At the same time, the two sides plan to conduct a new strategic business cooperation in the remittance and electronic payment market, and to provide faster and lower-cost transfer and remittance services to global customers.
On January 26, 2017, Ant Financial announced it reached a $880 million merger and acquisition agreement with MoneyGram at $13.25 a share. Later, Ant Financial raised the price to $18 a share when Euronet made a premium offer.
Foreign media previously reported that Ant Financial would sign a $3.5 billion bridge loan for the acquisition. Fourteen banks had the intention to be the MLAB, including ANZ bank, Barclays, Citigroup, Credit Suisse, DBS bank, Goldman Sachs, HSBC, ING, J.P. Morgan, Mizuho Bank and Morgan Stanley. With the acquisition terminated, the loan will also be terminated.
Ant Financial decided to purchase MoneyGram as part of its global strategy. Since 2015, Ant Financial has been expanding globally. Chinese Alipay users can pay by scanning codes in 36 countries. For overseas users, seven countries and regions have started to develop local versions of Alipay, including the Philippines’ GCash, South Korea’s Kakao Pay and an electronic wallet soon to be available in Indonesia and Malaysia.
On the MoneyGram merger, it seems Ant Financial failed to meet the expectations of CFIUS (Committee on Foreign Investment in the US). CFIUS didn’t approve the documents submitted by Ant Financial on multiple occasions.
Both Ant Financial and MoneyGram were reluctant to comment on CFIUS. MoneyGram CEO Alex Holmes said frankly in a press release, “Since we announced that we planned to sign an agreement with Ant Financial a year ago, considerable changes have taken place in geopolitics. Despite our best efforts to work with the US government, it is now clear that CFIUS will not approve the merger.”
CFIUS has tightened foreign investment reviews in the US since President Donald Trump took office, and several Chinese companies have faced obstacles in their acquisitions. In September, the US government stopped Canyon Bridge, a China-backed fund, from acquiring the US semiconductor maker Lattice on national security grounds. In late November, Cowen, a boutique investment bank in New York, cancelled a $275 million investment offered by China Energy Company Limited, citing delays and “uncertainty” approved by CFIUS as reasons.

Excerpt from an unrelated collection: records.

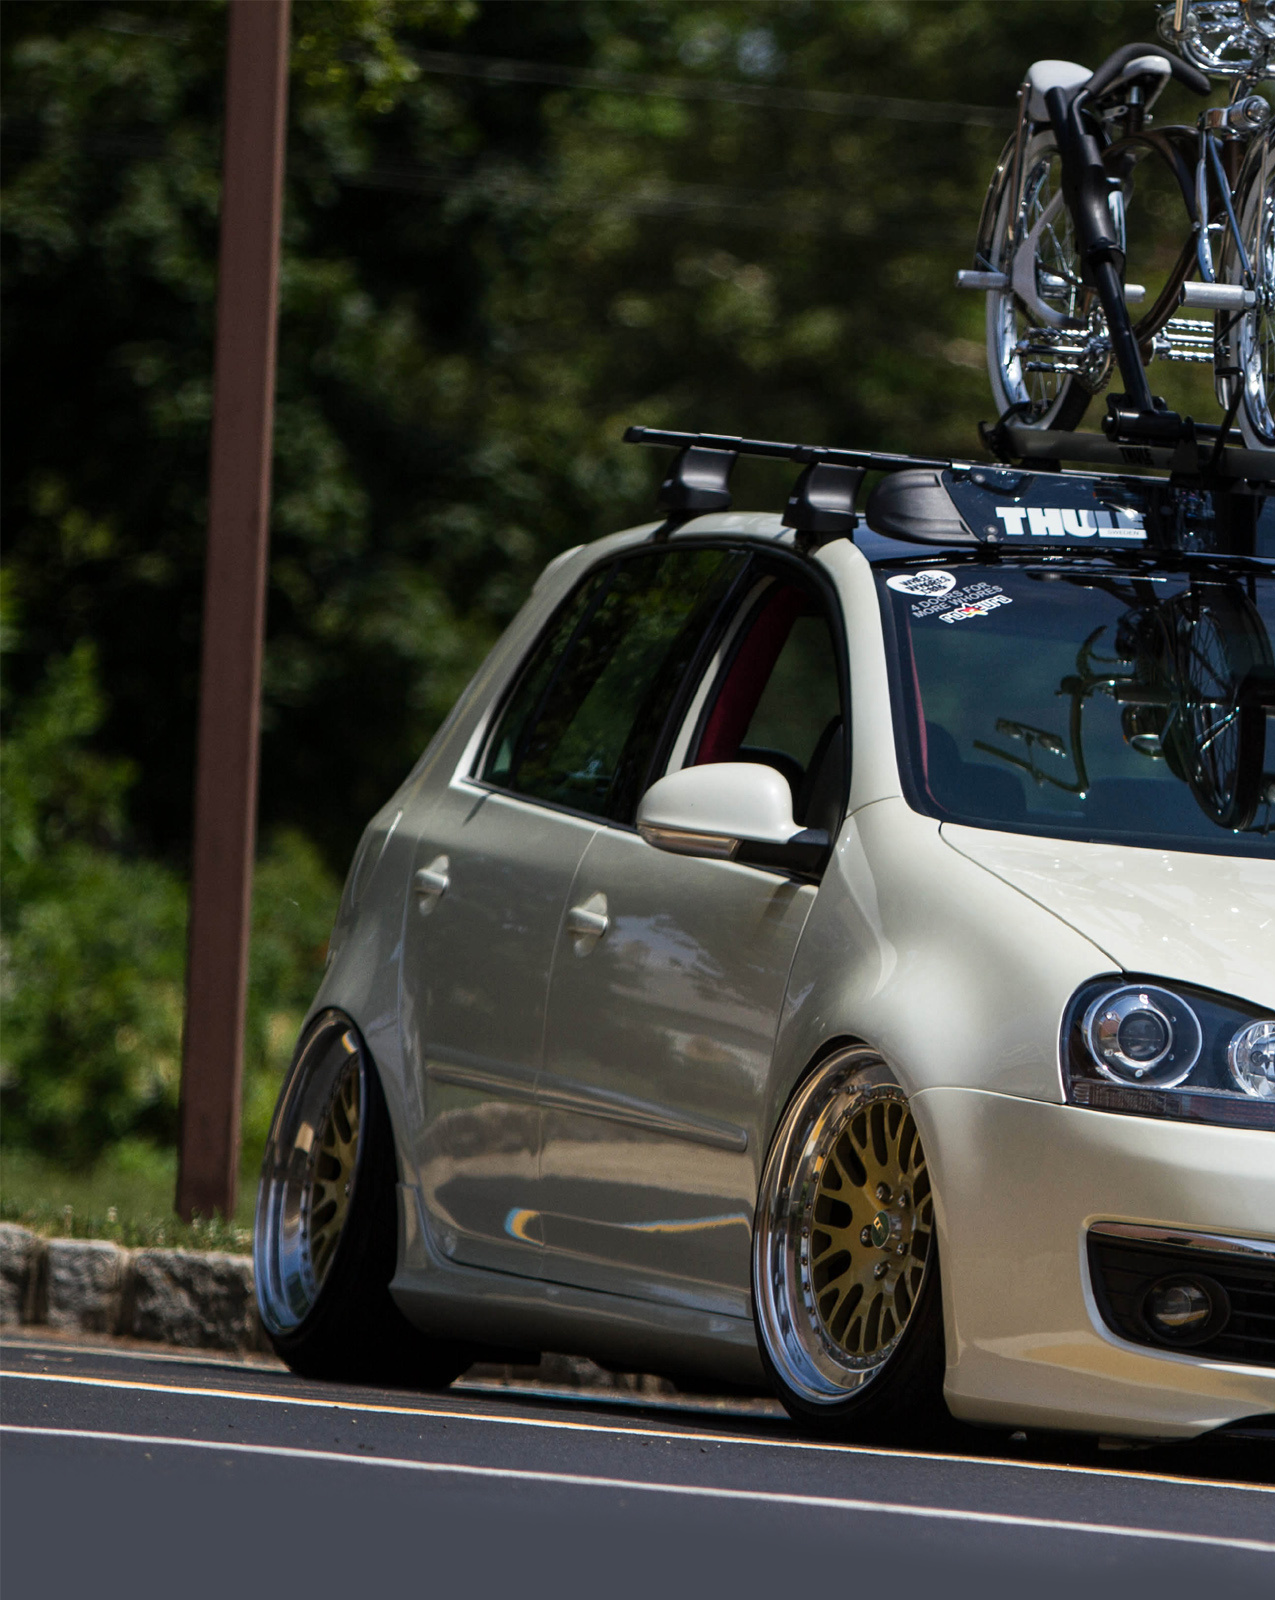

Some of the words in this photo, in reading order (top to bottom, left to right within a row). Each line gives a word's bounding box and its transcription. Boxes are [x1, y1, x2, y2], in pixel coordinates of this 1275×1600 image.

[995, 507, 1148, 540] THULE
[911, 604, 920, 612] 4
[919, 589, 964, 608] DOORS
[962, 582, 991, 594] FOR
[912, 602, 951, 618] MORE
[948, 585, 1003, 606] WHORES

Public reports shows deals delayed or cancelled include: NavInfo’s acquisition of 10 percent stake of Dutch map service providers HERE and China Oceanwide’s $2.7 billion acquisition of Genworth Financial, which was announced in December 2016.
Thomson Reuters data shows that in 2017, the number of Chinese companies merging with or acquiring American projects plummeted. As of November 2017, the mergers initiated by Chinese capital in the US was at $13.88 billion, down 80 percent than that in the same period in 2016, which was $60.36 billion.

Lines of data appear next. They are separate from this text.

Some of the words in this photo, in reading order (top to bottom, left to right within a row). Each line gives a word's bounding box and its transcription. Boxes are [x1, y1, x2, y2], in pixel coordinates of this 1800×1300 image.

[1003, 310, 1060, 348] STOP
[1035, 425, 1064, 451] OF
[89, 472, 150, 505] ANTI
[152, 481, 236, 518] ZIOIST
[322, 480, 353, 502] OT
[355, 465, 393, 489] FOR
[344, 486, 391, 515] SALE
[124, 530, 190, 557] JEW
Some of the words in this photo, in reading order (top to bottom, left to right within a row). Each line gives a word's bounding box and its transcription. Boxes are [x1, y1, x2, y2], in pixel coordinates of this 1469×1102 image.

The review released by Freshfields Bruckhaus Deringer in September 2017 said the unpredictability of the review process in time and results of CFIUS was significantly increasing. Over the past year, CFIUS spent at most six weeks to confirm whether the material was complete, and in the first 30 days of the trial period it only approved 20 percent of the cases. CFIUS also said it would submit more trades to the US president unless submitters agreed to withdraw and to re-submit documents. In the CFIUS review, China is the country with the largest number of censors in recent years.